Hi NVES, I am using the script sample inference.py and running it from the docker image nvcr.io/nvidia/tensorflow:18.10-py3. How can I verify the GPU is enabled?

OK. You should have GPU enabled using the NGC TF container. Just to make sure, try the following (you should see list of GPUs printed)

import tensorflow as tf
tf.test.gpu_device_name()

The other consideration is you are using imagenet dataset. It’s large. How is stored? I suspect disk i/o activity is negating performance gains you might’ve experienced with GPUs.
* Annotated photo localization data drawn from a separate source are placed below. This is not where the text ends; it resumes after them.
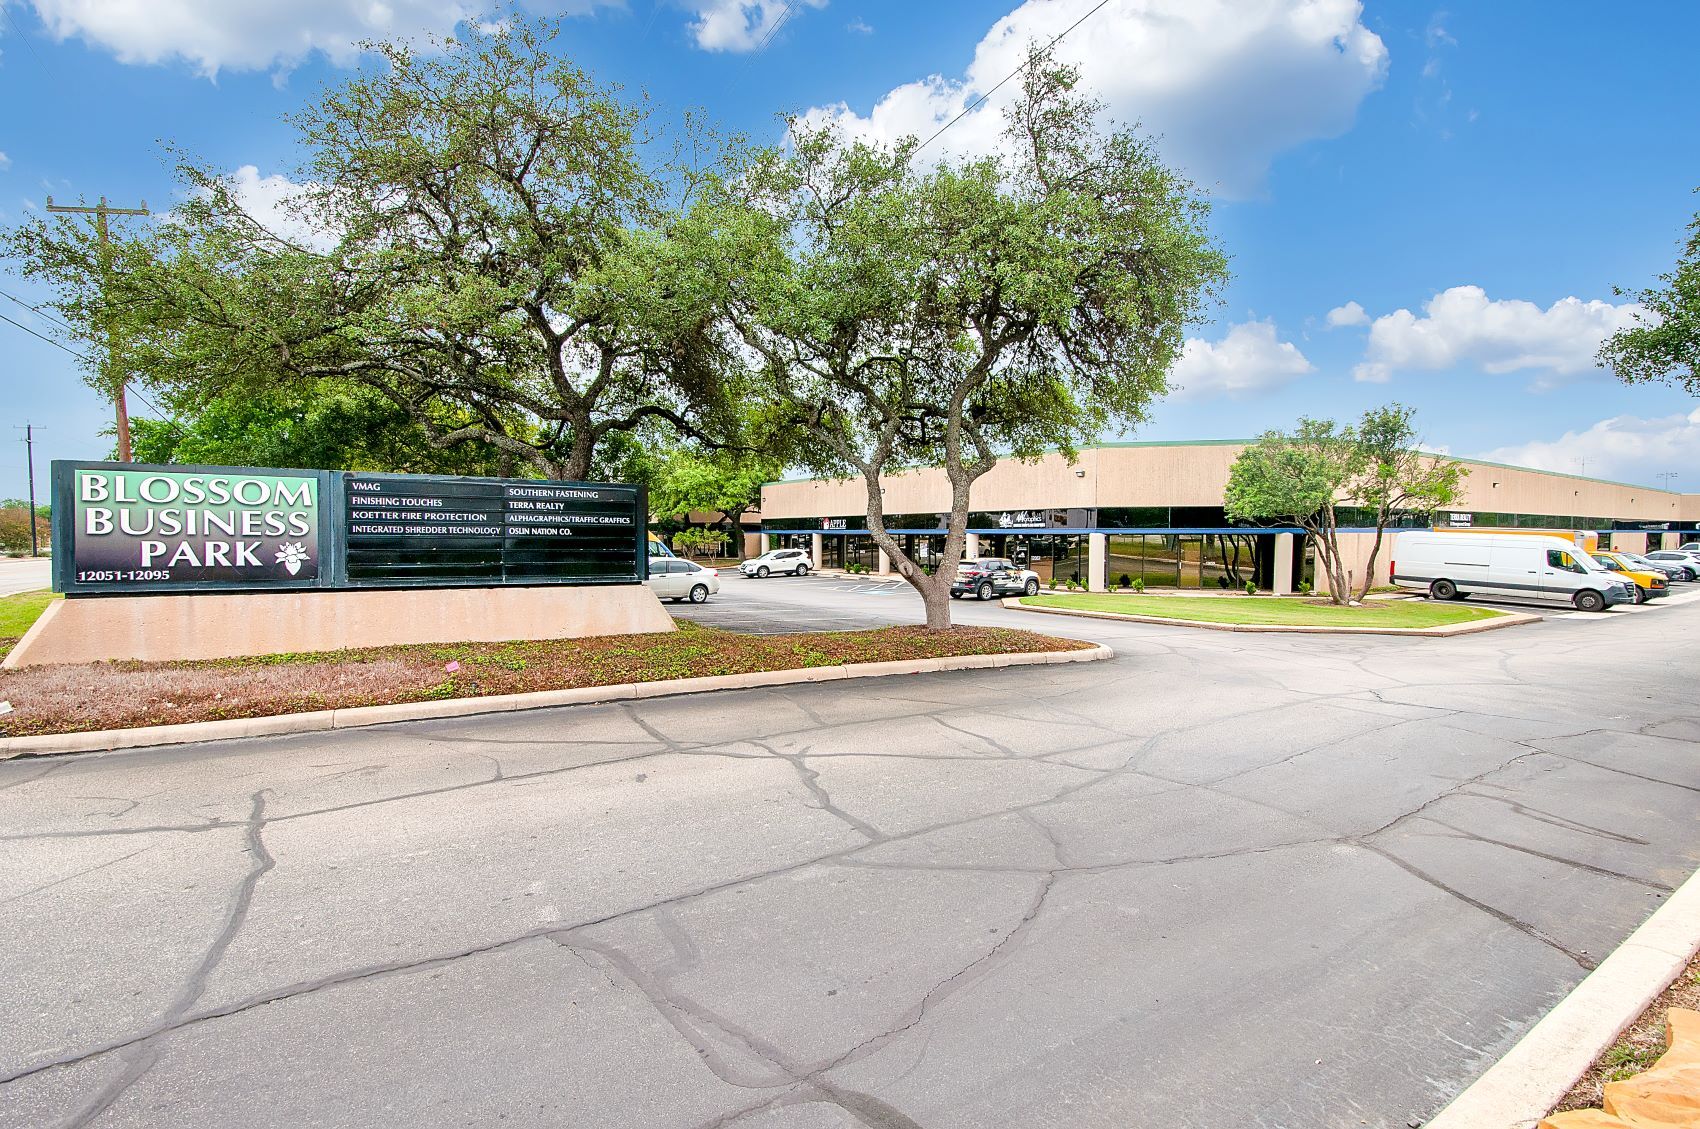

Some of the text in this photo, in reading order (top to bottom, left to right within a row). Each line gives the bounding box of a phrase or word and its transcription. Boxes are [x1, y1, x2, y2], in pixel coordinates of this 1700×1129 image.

[81, 473, 313, 507] BLOSSOM
[352, 482, 381, 491] VMAG
[509, 488, 599, 499] SOUTHERN FASTENING
[352, 496, 443, 507] FINISHING TOUCHES
[509, 501, 565, 510] TERRA REALTY
[352, 511, 487, 521] KOETTER FIRE PROTECTION
[599, 516, 631, 524] GRAFFICS
[85, 507, 311, 537] BUSINESS
[352, 525, 501, 535] INTEGRATED SHREDDER TECHNOLOGY
[509, 527, 573, 536] OSLIN NATION CO.
[140, 540, 263, 567] PARK
[78, 570, 170, 581] 12051-12095
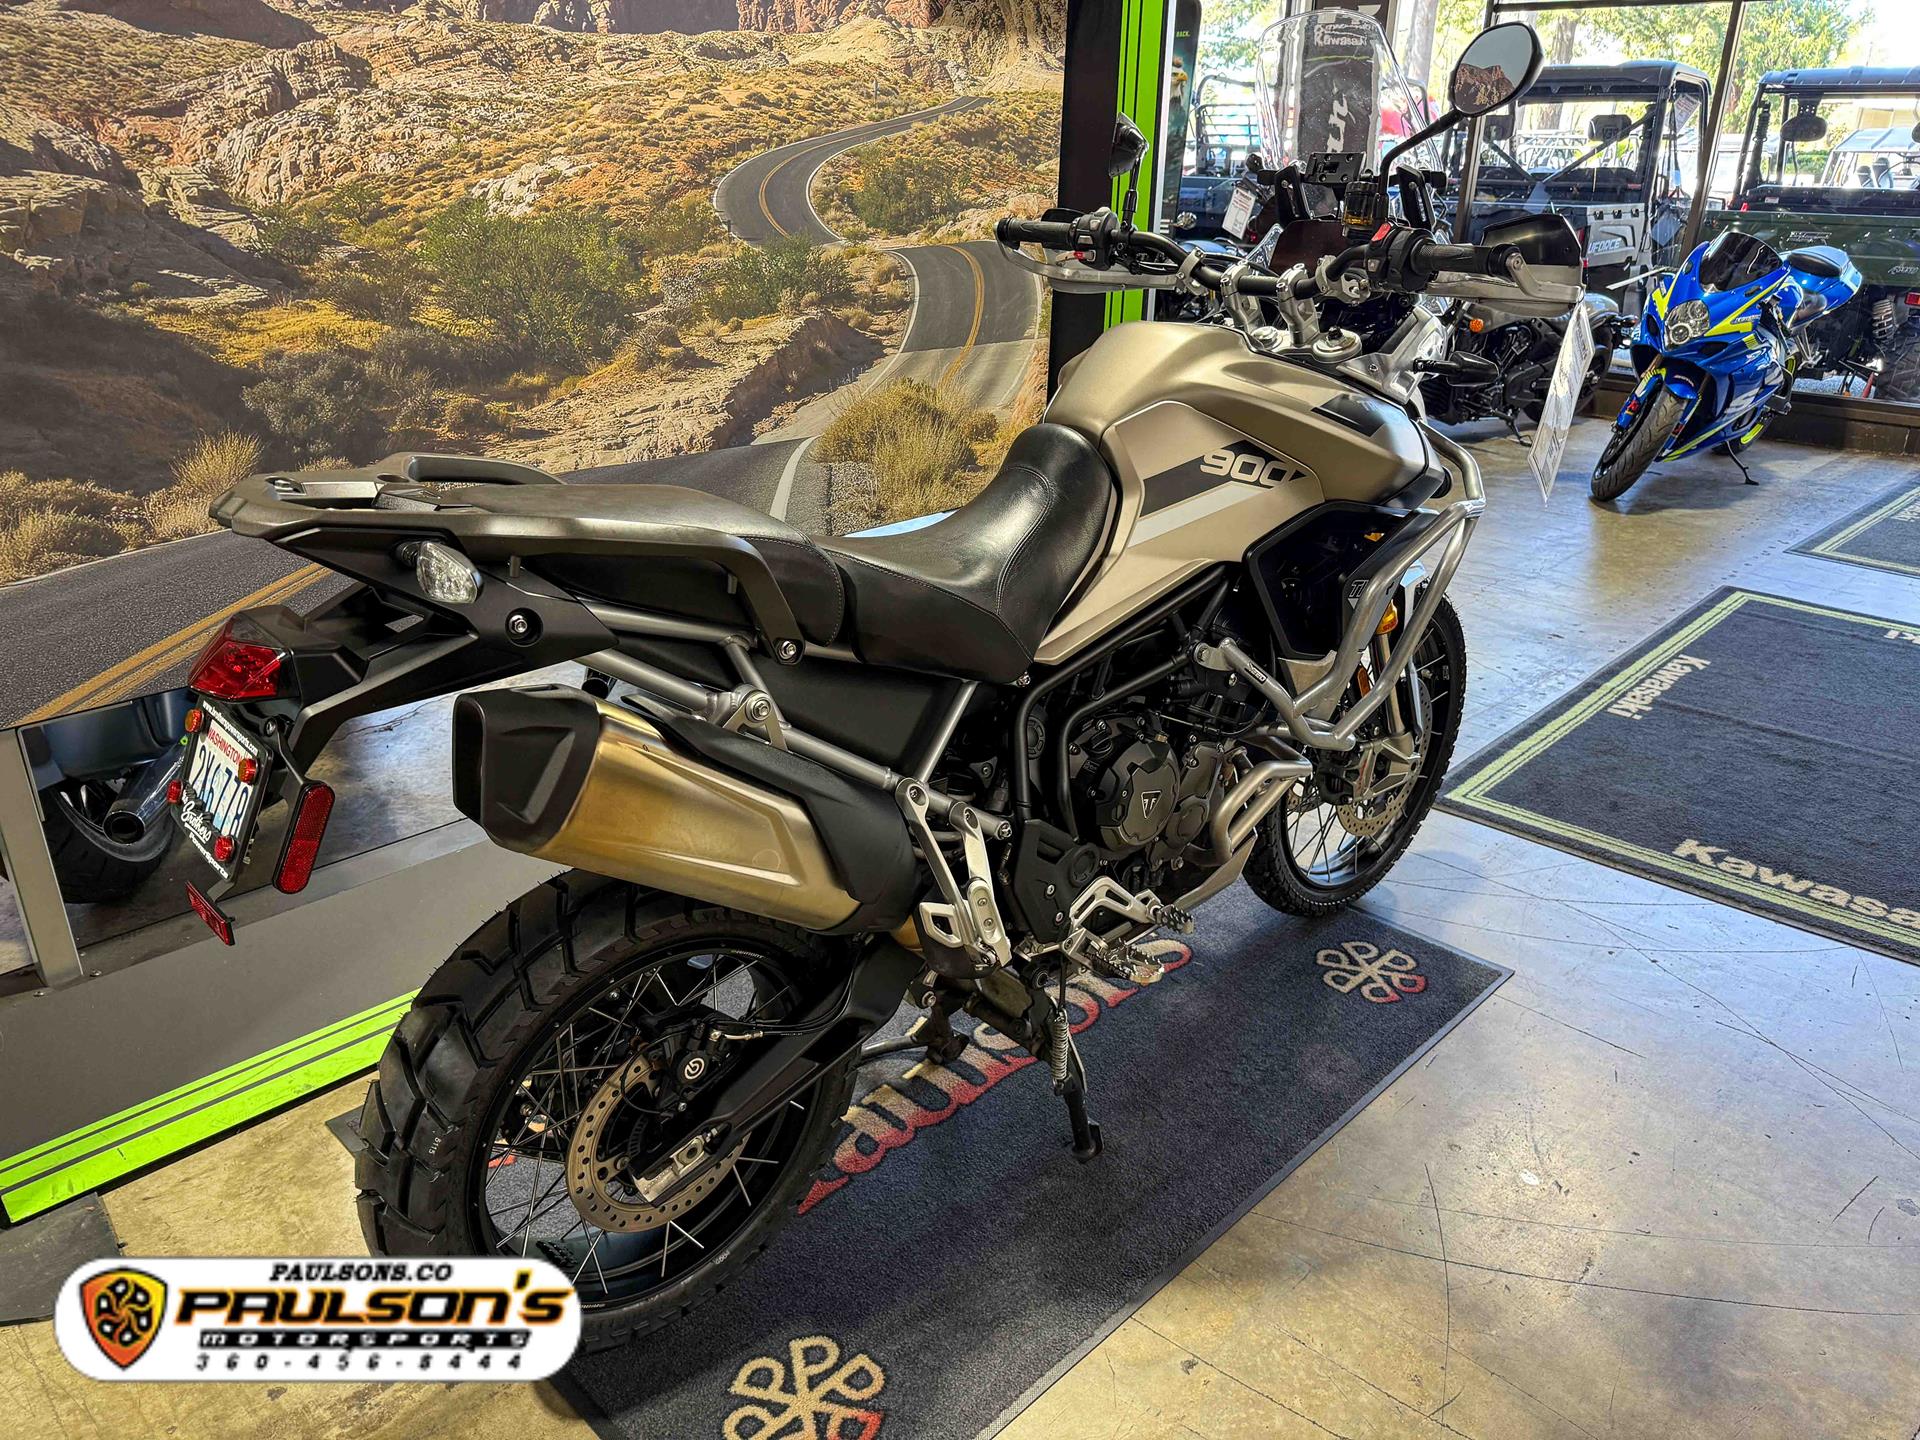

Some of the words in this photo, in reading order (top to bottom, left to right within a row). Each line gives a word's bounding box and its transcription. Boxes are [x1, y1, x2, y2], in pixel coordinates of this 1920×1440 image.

Hi, here is the tracelog. The Imagenet dataset is stored as TFRecord files

>>> import tensorflow as tf
>>> tf.test.gpu_device_name()
2019-01-08 19:29:06.215674: I tensorflow/core/common_runtime/gpu/gpu_device.cc:1405] Found device 0 with properties:
name: Tesla T4 major: 7 minor: 5 memoryClockRate(GHz): 1.59
pciBusID: 0000:21:00.0
totalMemory: 15.72GiB freeMemory: 15.59GiB
2019-01-08 19:29:06.345053: I tensorflow/core/common_runtime/gpu/gpu_device.cc:1405] Found device 1 with properties:
name: Tesla T4 major: 7 minor: 5 memoryClockRate(GHz): 1.59
pciBusID: 0000:41:00.0
totalMemory: 15.72GiB freeMemory: 15.59GiB
2019-01-08 19:29:06.484859: I tensorflow/core/common_runtime/gpu/gpu_device.cc:1405] Found device 2 with properties:
name: Tesla T4 major: 7 minor: 5 memoryClockRate(GHz): 1.59
pciBusID: 0000:81:00.0
totalMemory: 15.72GiB freeMemory: 15.59GiB
2019-01-08 19:29:06.632444: I tensorflow/core/common_runtime/gpu/gpu_device.cc:1405] Found device 3 with properties:
name: Tesla T4 major: 7 minor: 5 memoryClockRate(GHz): 1.59
pciBusID: 0000:c1:00.0
totalMemory: 15.72GiB freeMemory: 15.59GiB
2019-01-08 19:29:06.645180: I tensorflow/core/common_runtime/gpu/gpu_device.cc:1484] Adding visible gpu devices: 0, 1, 2, 3
2019-01-08 19:29:07.924597: I tensorflow/core/common_runtime/gpu/gpu_device.cc:965] Device interconnect StreamExecutor with strength 1 edge matrix:
2019-01-08 19:29:07.924676: I tensorflow/core/common_runtime/gpu/gpu_device.cc:971]      0 1 2 3
2019-01-08 19:29:07.924685: I tensorflow/core/common_runtime/gpu/gpu_device.cc:984] 0:   N Y Y Y
2019-01-08 19:29:07.924694: I tensorflow/core/common_runtime/gpu/gpu_device.cc:984] 1:   Y N Y Y
2019-01-08 19:29:07.924700: I tensorflow/core/common_runtime/gpu/gpu_device.cc:984] 2:   Y Y N Y
2019-01-08 19:29:07.924708: I tensorflow/core/common_runtime/gpu/gpu_device.cc:984] 3:   Y Y Y N
2019-01-08 19:29:07.926263: I tensorflow/core/common_runtime/gpu/gpu_device.cc:1097] Created TensorFlow device (/device:GPU:0 with 15093 MB memory) -> physical GPU (device: 0, name: Tesla T4, pci bus id: 0000:21:00.0, compute capability: 7.5)
2019-01-08 19:29:08.072384: I tensorflow/core/common_runtime/gpu/gpu_device.cc:1097] Created TensorFlow device (/device:GPU:1 with 15093 MB memory) -> physical GPU (device: 1, name: Tesla T4, pci bus id: 0000:41:00.0, compute capability: 7.5)
2019-01-08 19:29:08.223131: I tensorflow/core/common_runtime/gpu/gpu_device.cc:1097] Created TensorFlow device (/device:GPU:2 with 15093 MB memory) -> physical GPU (device: 2, name: Tesla T4, pci bus id: 0000:81:00.0, compute capability: 7.5)
2019-01-08 19:29:08.370002: I tensorflow/core/common_runtime/gpu/gpu_device.cc:1097] Created TensorFlow device (/device:GPU:3 with 15093 MB memory) -> physical GPU (device: 3, name: Tesla T4, pci bus id: 0000:c1:00.0, compute capability: 7.5)
'/device:GPU:0'

What average %gpu utilization did you get during the calibration process?. Some recommendations?